#### DATASET EXCERPTS
== Segment start ==

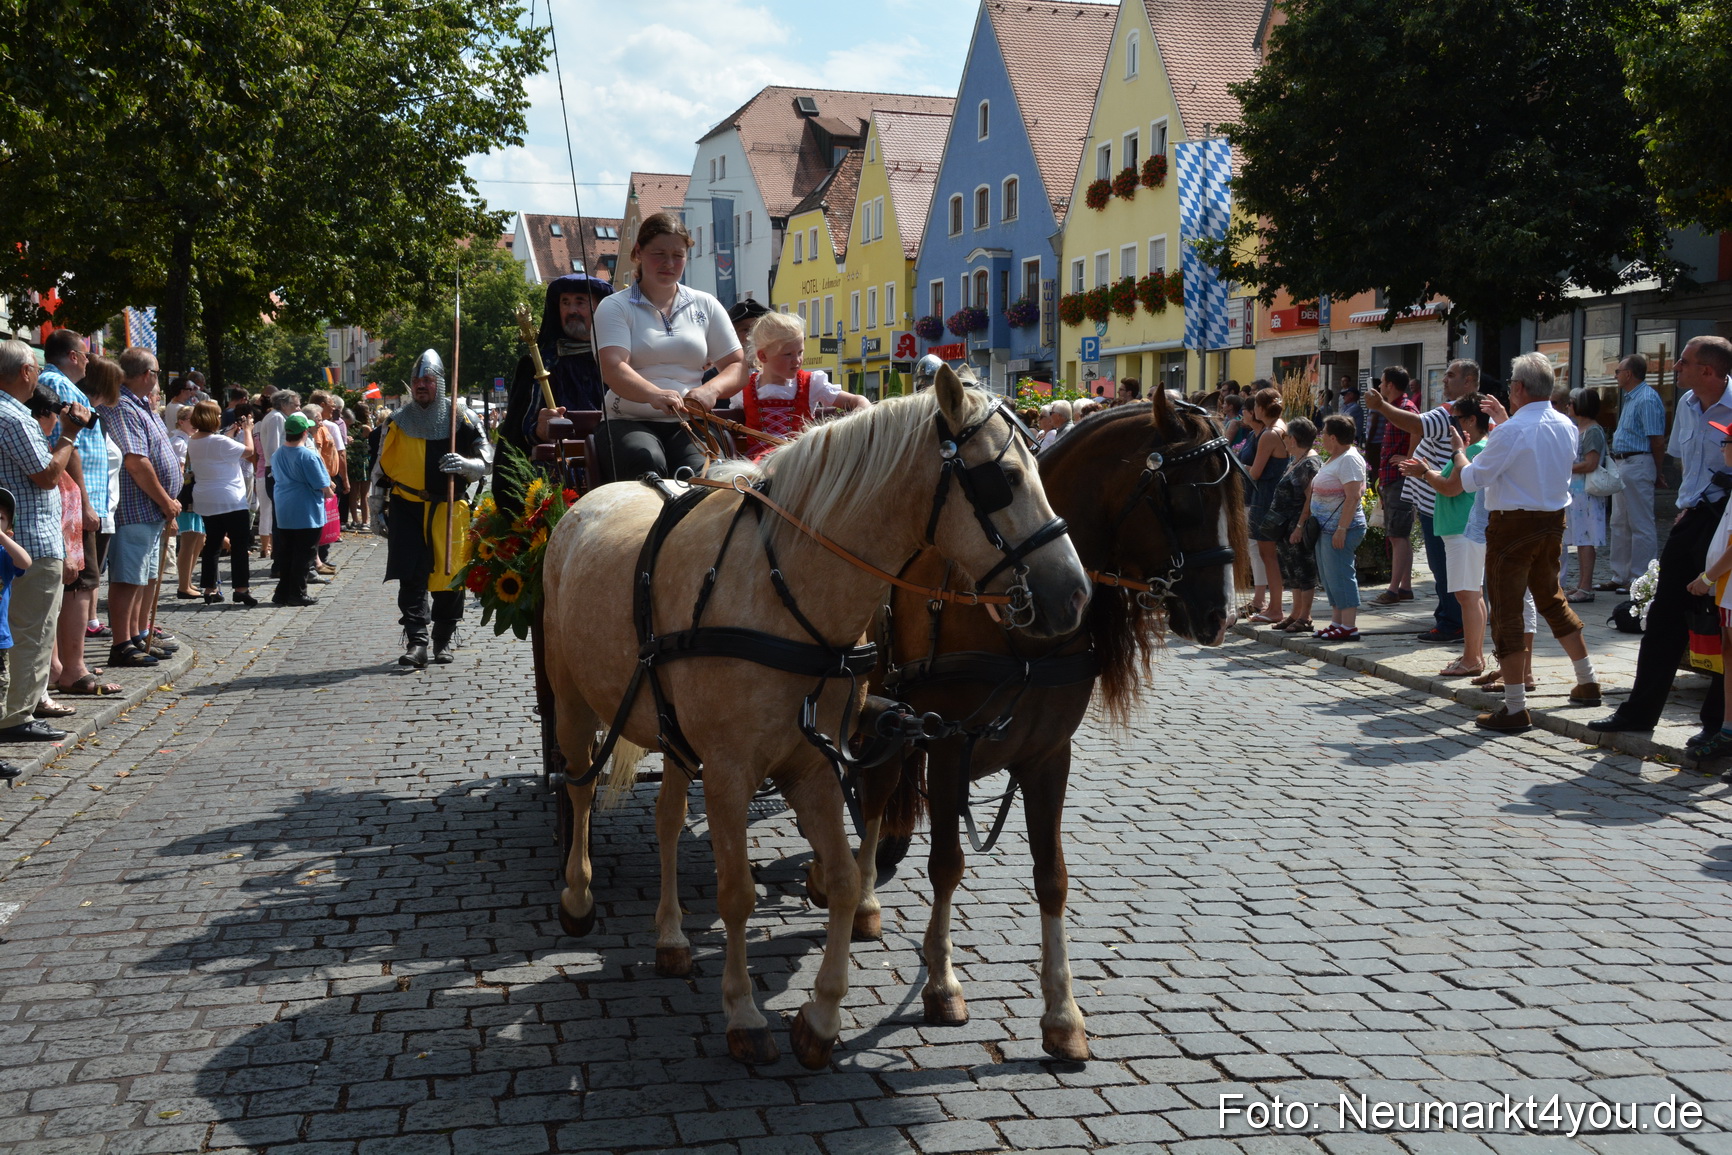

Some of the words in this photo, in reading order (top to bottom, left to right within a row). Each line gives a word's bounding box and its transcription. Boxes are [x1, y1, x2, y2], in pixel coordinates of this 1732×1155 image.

[801, 278, 819, 295] HOTEL
[1043, 292, 1053, 342] WITTL
[1085, 340, 1096, 360] P
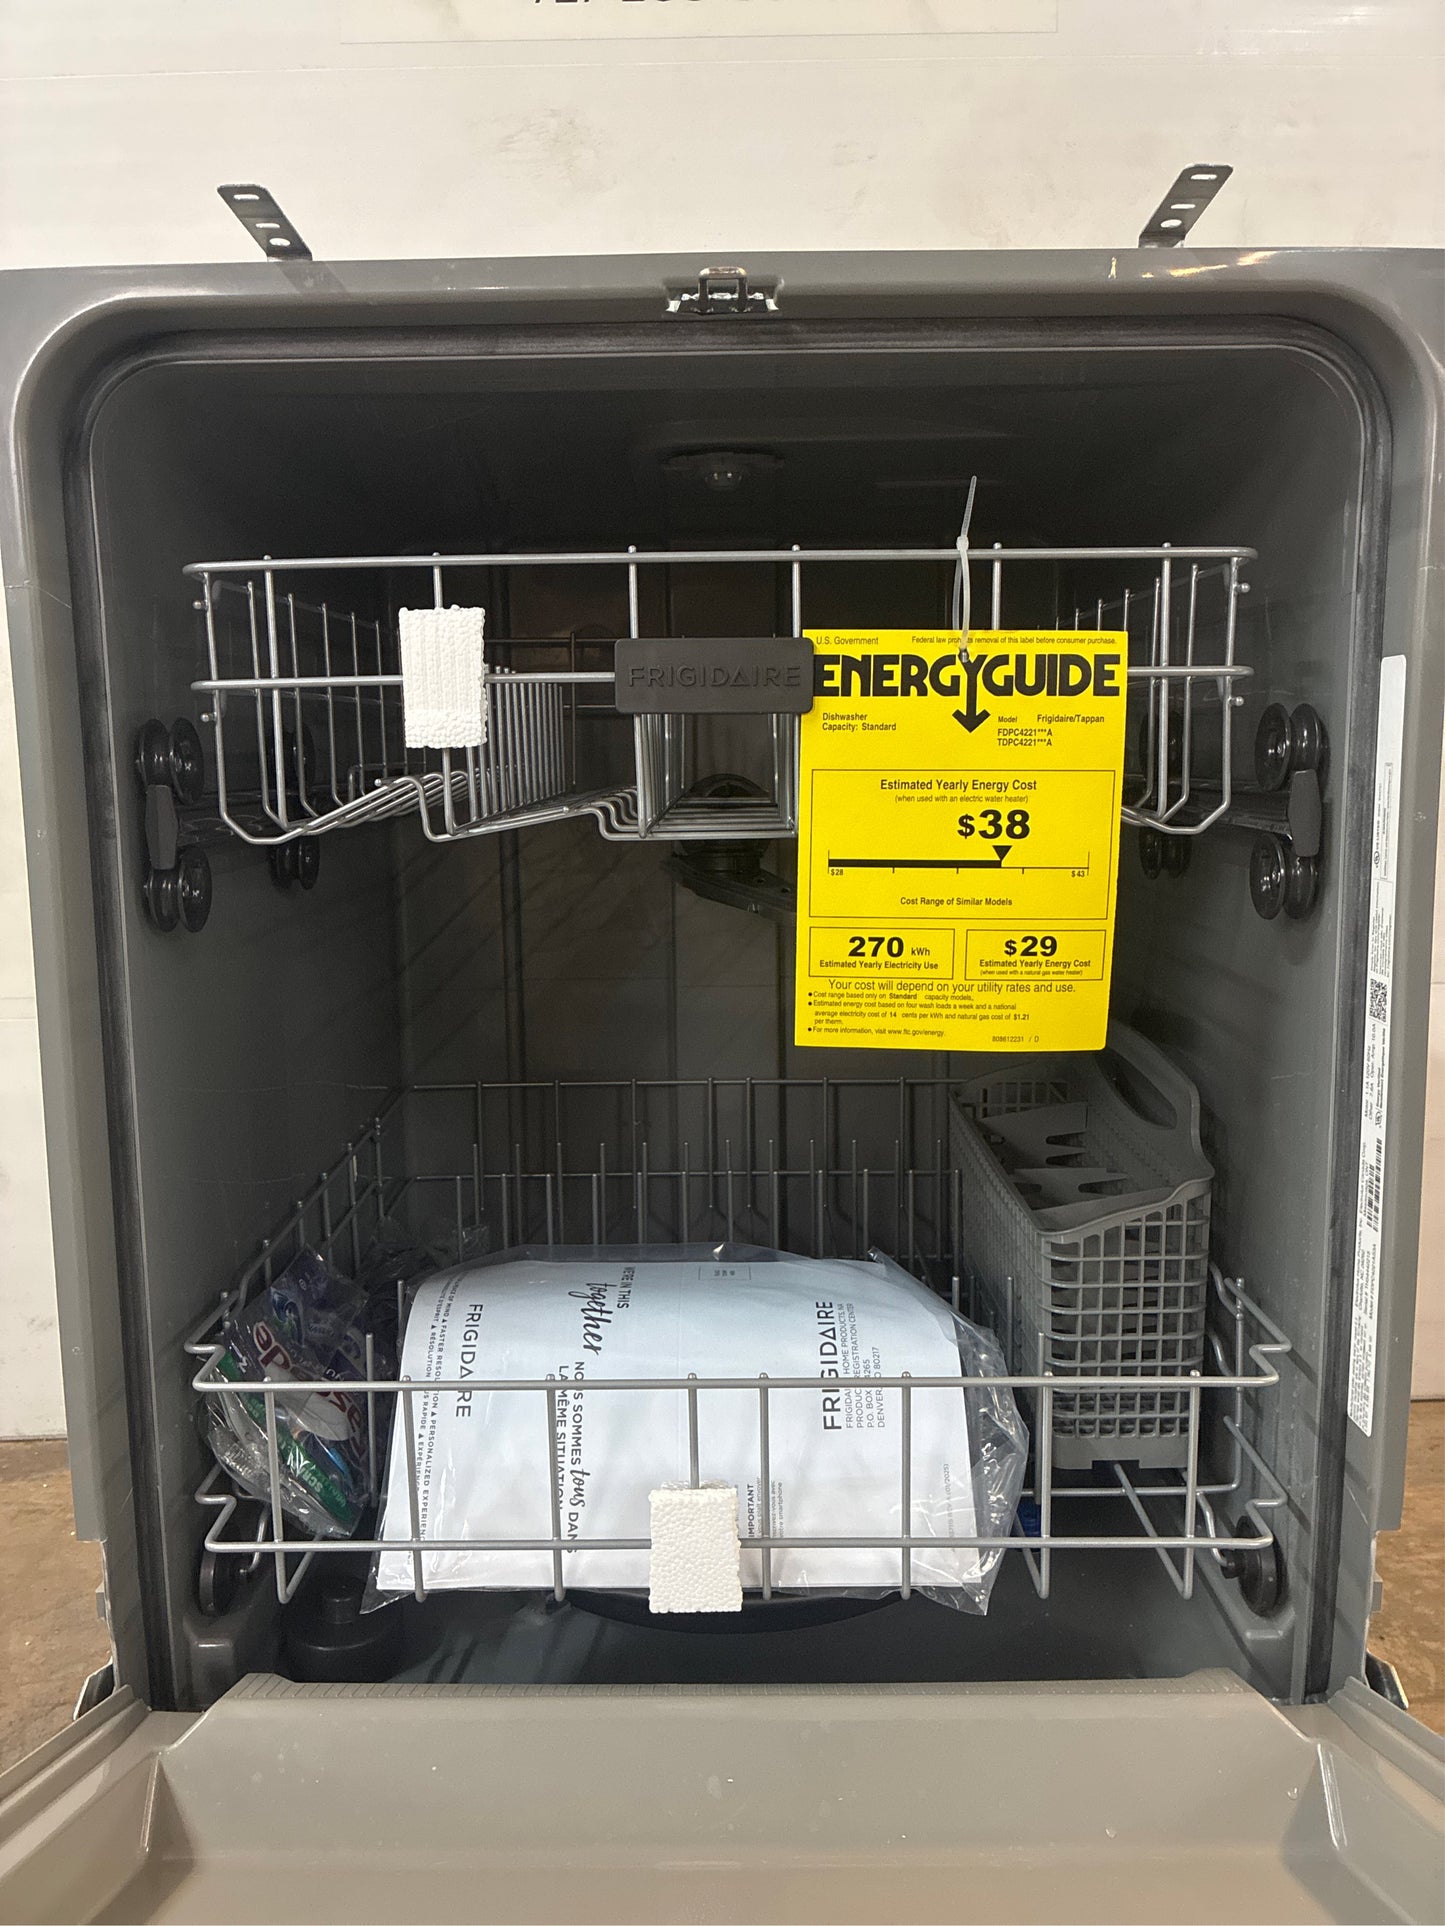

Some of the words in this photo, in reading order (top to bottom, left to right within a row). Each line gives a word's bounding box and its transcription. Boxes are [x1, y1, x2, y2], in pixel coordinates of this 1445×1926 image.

[816, 636, 832, 645] U.S.
[834, 636, 878, 645] Government
[1020, 636, 1034, 644] label
[1036, 636, 1055, 644] before
[628, 665, 801, 688] FRIGIDAIRE
[813, 654, 1120, 697] ENERGYGUIDE
[822, 722, 858, 732] Capacity:
[862, 722, 896, 731] Standard
[823, 712, 869, 723] Dishwasher
[1037, 714, 1104, 724] Frigidaire/Tappan
[881, 779, 932, 790] Estimated
[936, 779, 969, 792] Yearly
[972, 779, 1009, 792] Energy
[1012, 779, 1037, 790] Cost
[895, 794, 915, 803] (when
[917, 794, 933, 802] used
[934, 794, 948, 802] with
[985, 793, 1003, 802] water
[1005, 795, 1028, 804] heater)
[957, 809, 1030, 839] $38
[1071, 870, 1087, 878] $43
[900, 897, 918, 905] Cost
[920, 897, 944, 907] Range
[946, 897, 954, 905] of
[956, 897, 983, 906] Similar
[985, 898, 1012, 906] Models
[848, 936, 904, 958] 270
[1004, 936, 1057, 957] $29
[820, 960, 857, 968] Estimated
[859, 960, 882, 970] Yearly
[884, 960, 922, 971] Electricity
[924, 961, 938, 970] Use
[979, 959, 1017, 968] Estimated
[1019, 959, 1043, 970] Yearly
[1044, 959, 1072, 970] Energy
[1073, 959, 1091, 968] Cost
[814, 991, 827, 1000] Cost
[828, 992, 845, 1000] range
[889, 992, 917, 1002] Standard
[924, 994, 949, 1002] capacity
[828, 979, 852, 991] Your
[854, 981, 875, 991] cost
[877, 980, 893, 992] will
[896, 981, 934, 994] depend
[936, 984, 949, 992] on
[952, 984, 973, 994] your
[978, 981, 1002, 994] utility
[1006, 983, 1030, 992] rates
[1034, 982, 1052, 992] and
[1055, 984, 1076, 992] use.
[814, 1011, 838, 1019] average
[839, 1010, 866, 1018] electricity
[1013, 1013, 1029, 1021] $1.21
[617, 1290, 631, 1308] THIS
[568, 1282, 618, 1355] together
[847, 1303, 856, 1323] CENTER
[437, 1325, 446, 1352] FASTER
[425, 1332, 436, 1377] RÉSOLUTION
[456, 1304, 483, 1417] FRIGIDARE
[816, 1301, 842, 1430] FRIGIDAIRE
[842, 1350, 850, 1374] HOME
[872, 1347, 881, 1369] 80217
[432, 1355, 442, 1408] RESOLION
[573, 1362, 585, 1400] NOS
[844, 1388, 853, 1428] FRIGIDAI
[855, 1389, 864, 1428] PRODUC
[865, 1390, 874, 1409] BOX
[420, 1402, 428, 1430] RAPIDE
[571, 1404, 583, 1465] SOMMES
[423, 1420, 436, 1486] PERSONALIZED
[416, 1442, 424, 1492] EXPÉRIE
[570, 1468, 590, 1507] tous
[420, 1490, 429, 1541] EXPERIENC
[747, 1484, 755, 1538] IMPORTANT

== Segment end ==

Give the records above again in full and exactly, but exclude every picture.

#### YOUR SOLUTION
Some of the words in this photo, in reading order (top to bottom, left to right within a row). Each line gives a word's bounding box and its transcription. Boxes are [x1, y1, x2, y2], in pixel coordinates of this 1732×1155 image.

[801, 278, 819, 295] HOTEL
[1043, 292, 1053, 342] WITTL
[1085, 340, 1096, 360] P

Some of the words in this photo, in reading order (top to bottom, left to right within a row). Each line gives a word's bounding box and its transcription. Boxes are [x1, y1, x2, y2], in pixel coordinates of this 1445×1926 image.

[816, 636, 832, 645] U.S.
[834, 636, 878, 645] Government
[1020, 636, 1034, 644] label
[1036, 636, 1055, 644] before
[628, 665, 801, 688] FRIGIDAIRE
[813, 654, 1120, 697] ENERGYGUIDE
[822, 722, 858, 732] Capacity:
[862, 722, 896, 731] Standard
[823, 712, 869, 723] Dishwasher
[1037, 714, 1104, 724] Frigidaire/Tappan
[881, 779, 932, 790] Estimated
[936, 779, 969, 792] Yearly
[972, 779, 1009, 792] Energy
[1012, 779, 1037, 790] Cost
[895, 794, 915, 803] (when
[917, 794, 933, 802] used
[934, 794, 948, 802] with
[985, 793, 1003, 802] water
[1005, 795, 1028, 804] heater)
[957, 809, 1030, 839] $38
[1071, 870, 1087, 878] $43
[900, 897, 918, 905] Cost
[920, 897, 944, 907] Range
[946, 897, 954, 905] of
[956, 897, 983, 906] Similar
[985, 898, 1012, 906] Models
[848, 936, 904, 958] 270
[1004, 936, 1057, 957] $29
[820, 960, 857, 968] Estimated
[859, 960, 882, 970] Yearly
[884, 960, 922, 971] Electricity
[924, 961, 938, 970] Use
[979, 959, 1017, 968] Estimated
[1019, 959, 1043, 970] Yearly
[1044, 959, 1072, 970] Energy
[1073, 959, 1091, 968] Cost
[814, 991, 827, 1000] Cost
[828, 992, 845, 1000] range
[889, 992, 917, 1002] Standard
[924, 994, 949, 1002] capacity
[828, 979, 852, 991] Your
[854, 981, 875, 991] cost
[877, 980, 893, 992] will
[896, 981, 934, 994] depend
[936, 984, 949, 992] on
[952, 984, 973, 994] your
[978, 981, 1002, 994] utility
[1006, 983, 1030, 992] rates
[1034, 982, 1052, 992] and
[1055, 984, 1076, 992] use.
[814, 1011, 838, 1019] average
[839, 1010, 866, 1018] electricity
[1013, 1013, 1029, 1021] $1.21
[617, 1290, 631, 1308] THIS
[568, 1282, 618, 1355] together
[847, 1303, 856, 1323] CENTER
[437, 1325, 446, 1352] FASTER
[425, 1332, 436, 1377] RÉSOLUTION
[456, 1304, 483, 1417] FRIGIDARE
[816, 1301, 842, 1430] FRIGIDAIRE
[842, 1350, 850, 1374] HOME
[872, 1347, 881, 1369] 80217
[432, 1355, 442, 1408] RESOLION
[573, 1362, 585, 1400] NOS
[844, 1388, 853, 1428] FRIGIDAI
[855, 1389, 864, 1428] PRODUC
[865, 1390, 874, 1409] BOX
[420, 1402, 428, 1430] RAPIDE
[571, 1404, 583, 1465] SOMMES
[423, 1420, 436, 1486] PERSONALIZED
[416, 1442, 424, 1492] EXPÉRIE
[570, 1468, 590, 1507] tous
[420, 1490, 429, 1541] EXPERIENC
[747, 1484, 755, 1538] IMPORTANT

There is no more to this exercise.